Intanto, dopo la scelta di Israele di inoculare le terze dosi, anche in Italia gli esperti cominciano a discuterne. Due giorni fa era stato Franco Locatelli, presidente del Consiglio superiore di sanità e coordinatore del Cts, a dirsi favorevole per chi ha “un’alterata funzionalità del sistema immunitario, come chi ha una patologia oncologica o oncoematologica”. E ieri dagli Stati Uniti è intervenuto sul tema anche l’immunologo Guido Silvestri: “Suggerirei al Cts di preparare il Paese a fare una terza dose di vaccino nei soggetti a rischio nel periodo settembre, ottobre. E usiamo solo vaccini a Rna, quelli più mirati sulla Delta e altre varianti. La situazione è sotto controllo. Però non bisogna sottovalutare la possibilità che l’immunità indotta dal vaccino cali nel tempo in persone molto anziane e o con quadri di immunodeficienza.
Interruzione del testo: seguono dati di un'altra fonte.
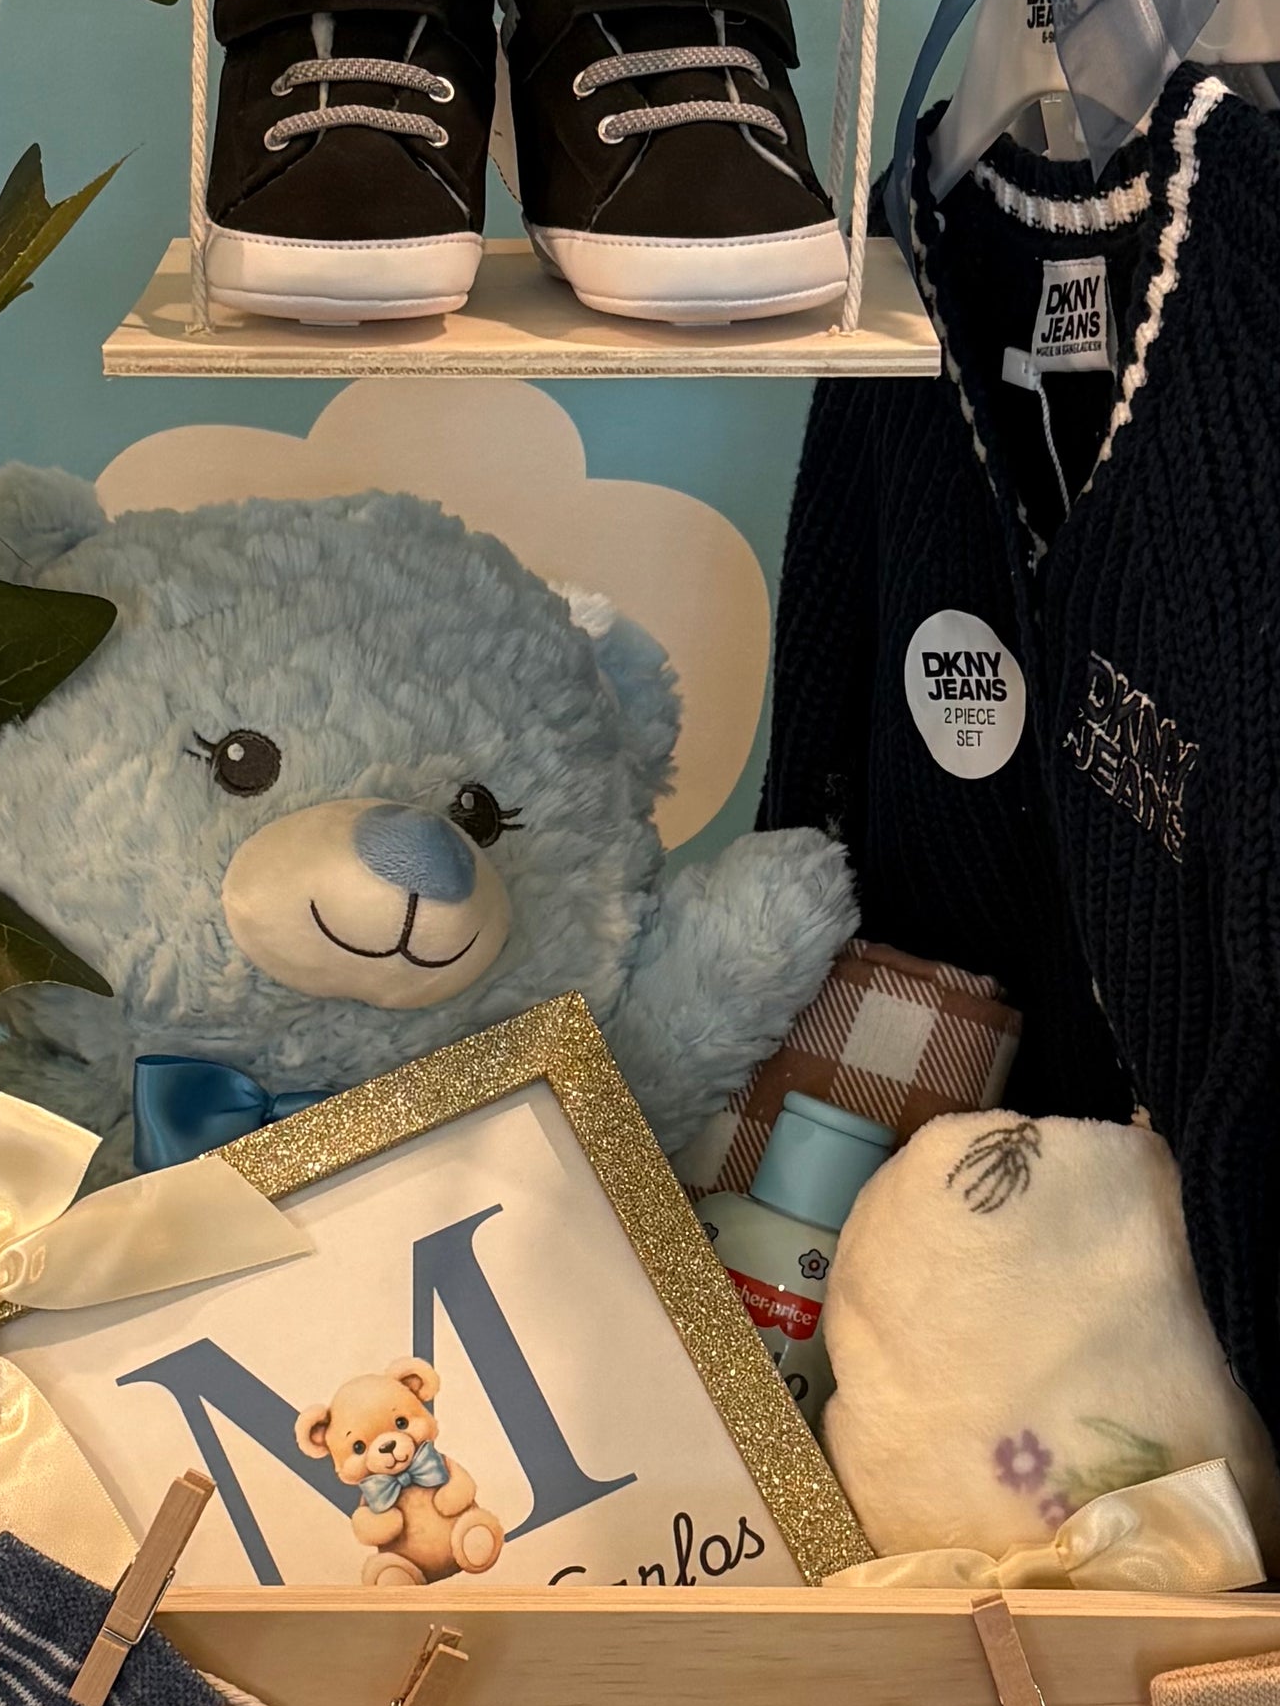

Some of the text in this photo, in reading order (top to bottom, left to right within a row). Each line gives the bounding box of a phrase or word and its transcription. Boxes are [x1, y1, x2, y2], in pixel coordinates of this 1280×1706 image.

Se questo calo coincidesse con l’arrivo dell’inverno potremmo trovarci a scherzare col fuoco”.

Intanto il garante per la privacy ha stabilito che i ristoratori possono chiedere al cliente il documento di identità insieme al green pass come previsto, eventualità che, cortocircuito, il giorno prima la ministra dell’Interno Lamorgese aveva escluso: “Non sono poliziotti”.